Records drawn from a dataset:
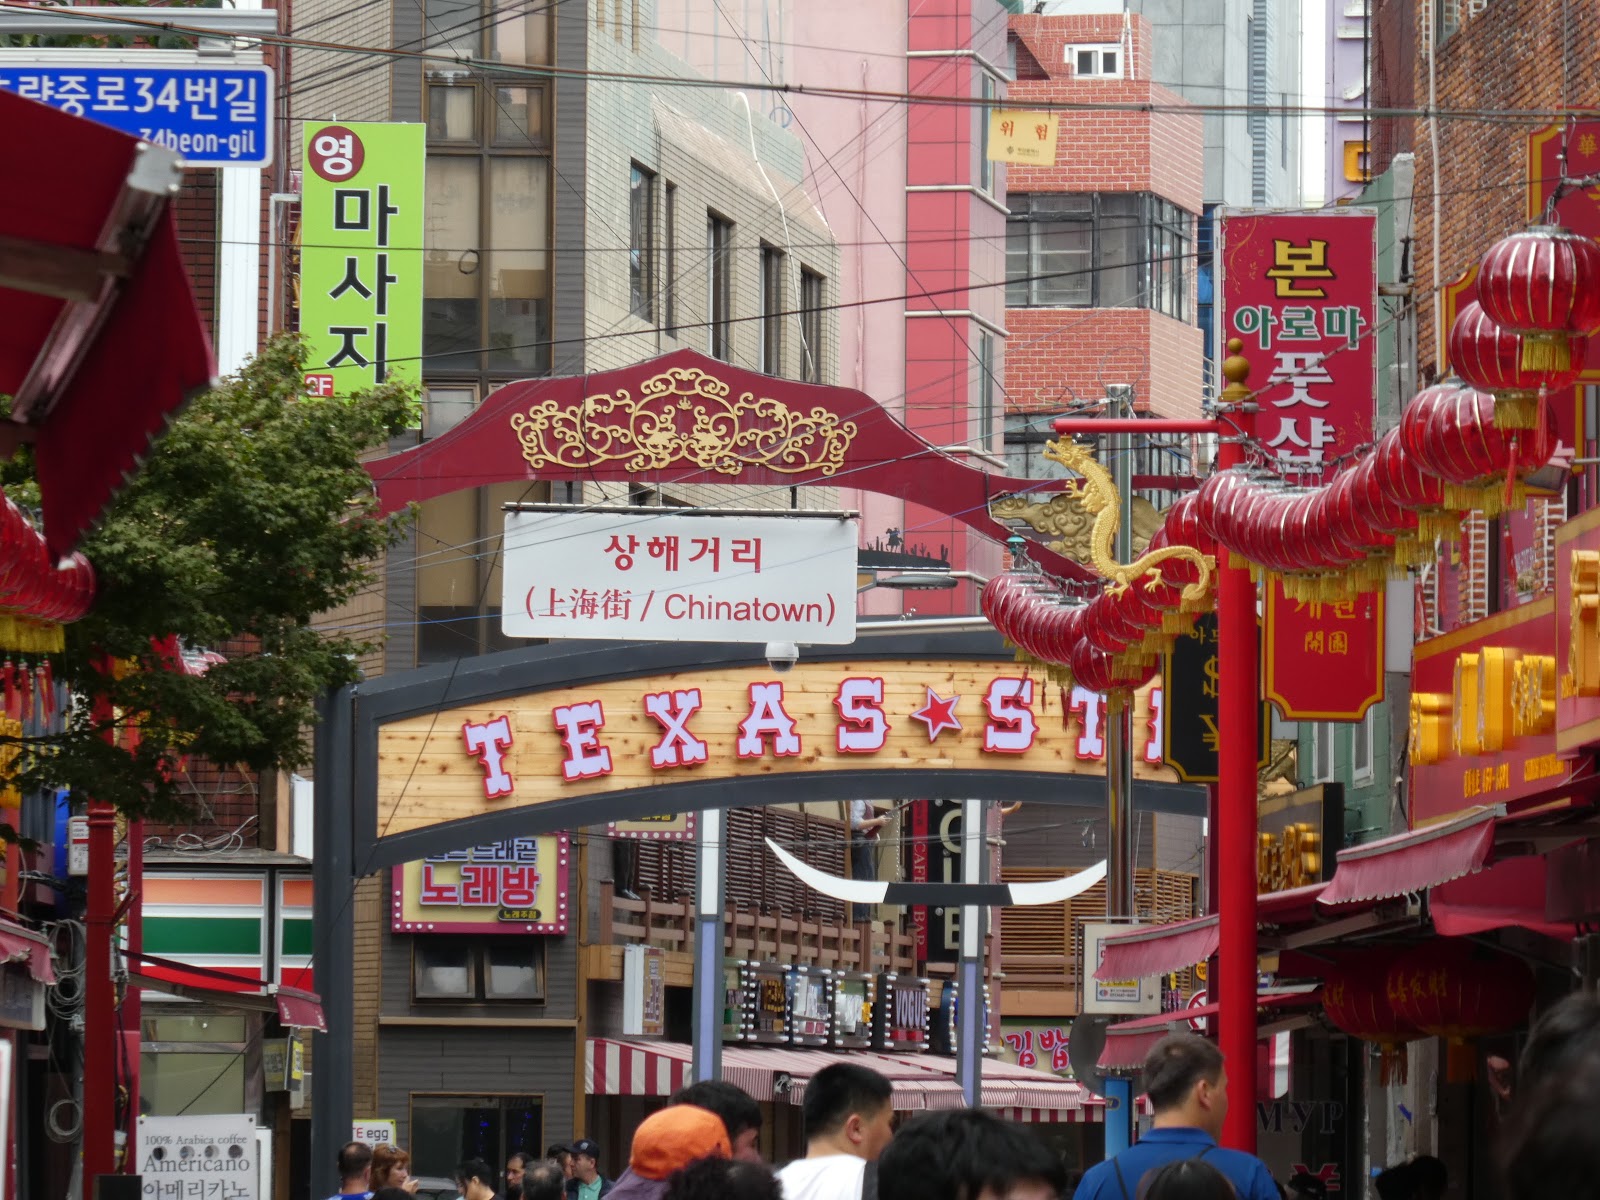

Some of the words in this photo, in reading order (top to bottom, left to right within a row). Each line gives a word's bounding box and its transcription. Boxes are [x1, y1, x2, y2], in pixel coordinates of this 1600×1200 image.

[314, 134, 354, 176] 영
[325, 183, 399, 385] 마사지
[1266, 239, 1336, 299] 본
[1233, 305, 1366, 350] 아로마
[603, 534, 763, 574] 상해거리
[462, 676, 892, 799] TEXAS
[420, 864, 541, 909] 노래방
[894, 989, 932, 1030] VOGUE
[1005, 1027, 1070, 1071] 김밥
[144, 1134, 172, 1146] 100%
[175, 1134, 215, 1146] Arabica
[217, 1133, 248, 1145] coffee
[366, 1129, 389, 1142] egg
[142, 1154, 250, 1173] Americano
[142, 1178, 250, 1200] 아메리카노

Your goal:
From the first line above to the last, reproduce the records exactly but without the pictures.

Exercise response:
Some of the words in this photo, in reading order (top to bottom, left to right within a row). Each line gives a word's bounding box and its transcription. Boxes are [x1, y1, x2, y2], in pixel coordinates of this 1600×1200 image.

[314, 134, 354, 176] 영
[325, 183, 399, 385] 마사지
[1266, 239, 1336, 299] 본
[1233, 305, 1366, 350] 아로마
[603, 534, 763, 574] 상해거리
[462, 676, 892, 799] TEXAS
[420, 864, 541, 909] 노래방
[894, 989, 932, 1030] VOGUE
[1005, 1027, 1070, 1071] 김밥
[144, 1134, 172, 1146] 100%
[175, 1134, 215, 1146] Arabica
[217, 1133, 248, 1145] coffee
[366, 1129, 389, 1142] egg
[142, 1154, 250, 1173] Americano
[142, 1178, 250, 1200] 아메리카노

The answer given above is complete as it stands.